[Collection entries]
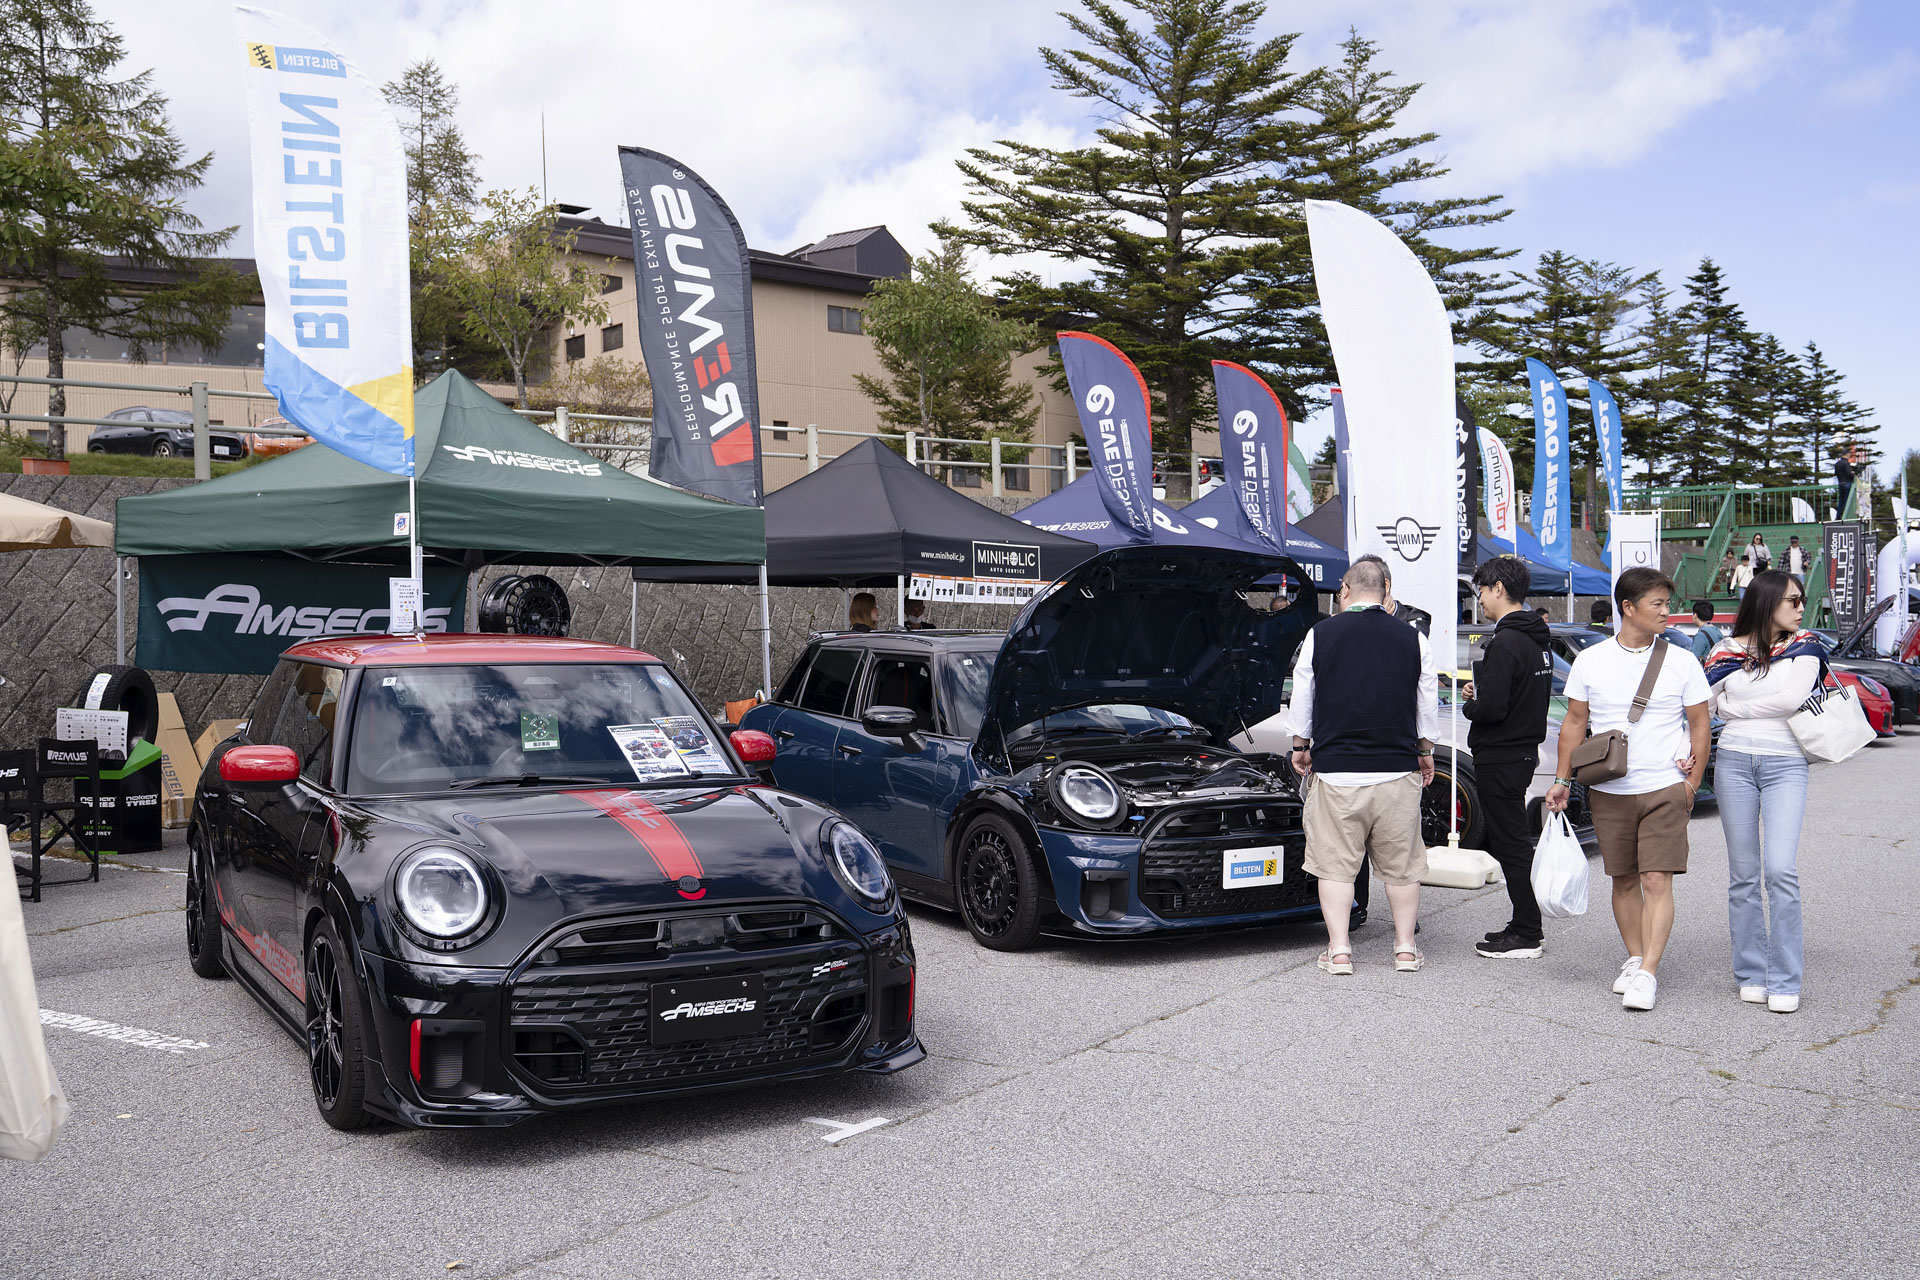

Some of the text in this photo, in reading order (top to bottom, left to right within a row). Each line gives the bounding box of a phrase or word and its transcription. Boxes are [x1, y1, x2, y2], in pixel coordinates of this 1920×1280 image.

[494, 449, 512, 457] MINI
[443, 445, 603, 477] AMSECHS
[920, 551, 965, 563] www.miniholic.jp
[977, 549, 1036, 567] MINIHOLIC
[156, 583, 451, 637] AMSECS
[52, 751, 88, 762] REMUS
[126, 799, 157, 807] TYRES
[1233, 864, 1261, 875] BILSTEIN
[659, 1000, 757, 1021] AMSECHS

→ EXERCISE DETAILS:
All the lines above are to be given again exactly as they read, with the pictures removed.

→ EXERCISE RESPONSE:
Some of the text in this photo, in reading order (top to bottom, left to right within a row). Each line gives the bounding box of a phrase or word and its transcription. Boxes are [x1, y1, x2, y2], in pixel coordinates of this 1920×1280 image.

[494, 449, 512, 457] MINI
[443, 445, 603, 477] AMSECHS
[920, 551, 965, 563] www.miniholic.jp
[977, 549, 1036, 567] MINIHOLIC
[156, 583, 451, 637] AMSECS
[52, 751, 88, 762] REMUS
[126, 799, 157, 807] TYRES
[1233, 864, 1261, 875] BILSTEIN
[659, 1000, 757, 1021] AMSECHS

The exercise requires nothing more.